A menu is a YAML file, it represents a collection of actions that are managed and distributed together. A menu has a list of actions, and a name and a help much like an action. It also has an optional version which the author can use to convey the evolution of a menu. A hash (checksum) is defined in code for other purposes, and kwt does not expect the YAML to carry its own checksum. Examples are in kwt-menus.

How do I use menus?

To use a menu, ingest it into your system with ingest command from kwt. It takes either a local file or a HTTP link, and overrides the existing menu with the same name.

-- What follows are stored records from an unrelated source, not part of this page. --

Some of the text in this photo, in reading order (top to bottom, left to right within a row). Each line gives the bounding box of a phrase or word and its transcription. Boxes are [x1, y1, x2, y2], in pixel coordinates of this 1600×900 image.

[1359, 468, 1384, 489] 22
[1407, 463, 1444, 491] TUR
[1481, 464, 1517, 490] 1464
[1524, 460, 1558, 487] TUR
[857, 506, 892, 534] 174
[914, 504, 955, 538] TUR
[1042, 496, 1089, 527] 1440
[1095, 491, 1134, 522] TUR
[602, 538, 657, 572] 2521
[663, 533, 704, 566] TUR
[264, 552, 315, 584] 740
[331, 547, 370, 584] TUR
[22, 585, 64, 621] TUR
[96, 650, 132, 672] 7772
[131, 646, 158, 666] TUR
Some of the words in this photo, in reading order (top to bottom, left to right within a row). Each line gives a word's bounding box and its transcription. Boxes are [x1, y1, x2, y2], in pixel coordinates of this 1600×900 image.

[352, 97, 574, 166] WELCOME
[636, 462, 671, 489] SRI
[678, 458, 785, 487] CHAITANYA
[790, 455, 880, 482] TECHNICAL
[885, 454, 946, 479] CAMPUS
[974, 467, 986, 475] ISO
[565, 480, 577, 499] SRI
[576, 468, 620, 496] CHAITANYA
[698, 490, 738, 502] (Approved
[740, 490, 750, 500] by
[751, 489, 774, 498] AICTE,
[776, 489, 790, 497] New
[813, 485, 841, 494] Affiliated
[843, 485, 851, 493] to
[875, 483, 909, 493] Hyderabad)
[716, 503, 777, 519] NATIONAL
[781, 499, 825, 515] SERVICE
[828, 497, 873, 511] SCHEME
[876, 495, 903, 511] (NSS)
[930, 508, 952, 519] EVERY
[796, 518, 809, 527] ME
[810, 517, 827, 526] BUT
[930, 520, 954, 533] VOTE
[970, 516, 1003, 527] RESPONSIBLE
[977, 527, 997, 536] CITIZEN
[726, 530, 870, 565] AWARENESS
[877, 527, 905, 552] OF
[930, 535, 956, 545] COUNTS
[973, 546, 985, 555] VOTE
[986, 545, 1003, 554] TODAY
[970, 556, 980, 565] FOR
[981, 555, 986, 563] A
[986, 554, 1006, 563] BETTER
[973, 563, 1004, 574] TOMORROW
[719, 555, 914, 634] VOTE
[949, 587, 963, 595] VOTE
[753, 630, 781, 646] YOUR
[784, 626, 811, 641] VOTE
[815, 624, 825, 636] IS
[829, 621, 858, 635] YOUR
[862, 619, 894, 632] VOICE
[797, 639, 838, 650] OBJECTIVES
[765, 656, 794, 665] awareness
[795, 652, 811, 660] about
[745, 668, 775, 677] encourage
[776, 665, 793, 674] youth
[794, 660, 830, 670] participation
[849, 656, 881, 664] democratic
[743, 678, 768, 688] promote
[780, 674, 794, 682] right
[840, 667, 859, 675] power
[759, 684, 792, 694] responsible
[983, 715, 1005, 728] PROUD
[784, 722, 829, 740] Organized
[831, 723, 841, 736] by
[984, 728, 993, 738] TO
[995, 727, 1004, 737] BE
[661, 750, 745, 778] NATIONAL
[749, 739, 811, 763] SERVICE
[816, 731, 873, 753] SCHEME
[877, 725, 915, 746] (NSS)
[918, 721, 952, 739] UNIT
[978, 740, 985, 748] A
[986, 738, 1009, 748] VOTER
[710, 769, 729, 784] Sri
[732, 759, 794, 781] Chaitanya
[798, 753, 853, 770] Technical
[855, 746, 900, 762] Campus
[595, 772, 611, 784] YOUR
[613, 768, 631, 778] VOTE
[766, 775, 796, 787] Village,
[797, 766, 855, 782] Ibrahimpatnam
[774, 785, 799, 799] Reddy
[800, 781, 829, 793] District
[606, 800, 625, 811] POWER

kwt i -s ~/Download/python-demo.yaml
kwt i -s https://raw.githubusercontent.com/bettercallshao/kwt-menus/master/python-demo.yaml

Read and follow help, or read guide.

kwt -h

Where are the YAMLs?

Kwt ingests menus to and reads menus from $HOME/.kwt/menus/. It tries to load every file in this directory as a menu YAML. If a file fails to load, it is ignored with no warnings (should probably add some), which unfortunately happens when menus have bad syntax. Environment variable KUT_HOME can be used to override the directory path to $KUT_HOME/menus.

How to develop menus?

To write new menus.

  1. Copy an existing menu to a new file under $HOME/.kwt/menus/.
  2. Make sure the name defined inside the YAML matches the new file name. Otherwise it's confusing and untested.
  3. Modify the new menu and you should see it in kwt -h.
  4. If you can't find your menu in kwt, it probably has a YAML syntax error.
  5. Hack away!
  6. Optionally give the menu a version.

How to distribute menus?

Since I have been the only user, this has not been thought through. The current guide is that the author should publish a menu as a publicly available text file (e.g. raw github file) and ask the user to ingest it with kwt i. If menu distribution becomes a thing, we should probably do something similar to Homebrew taps.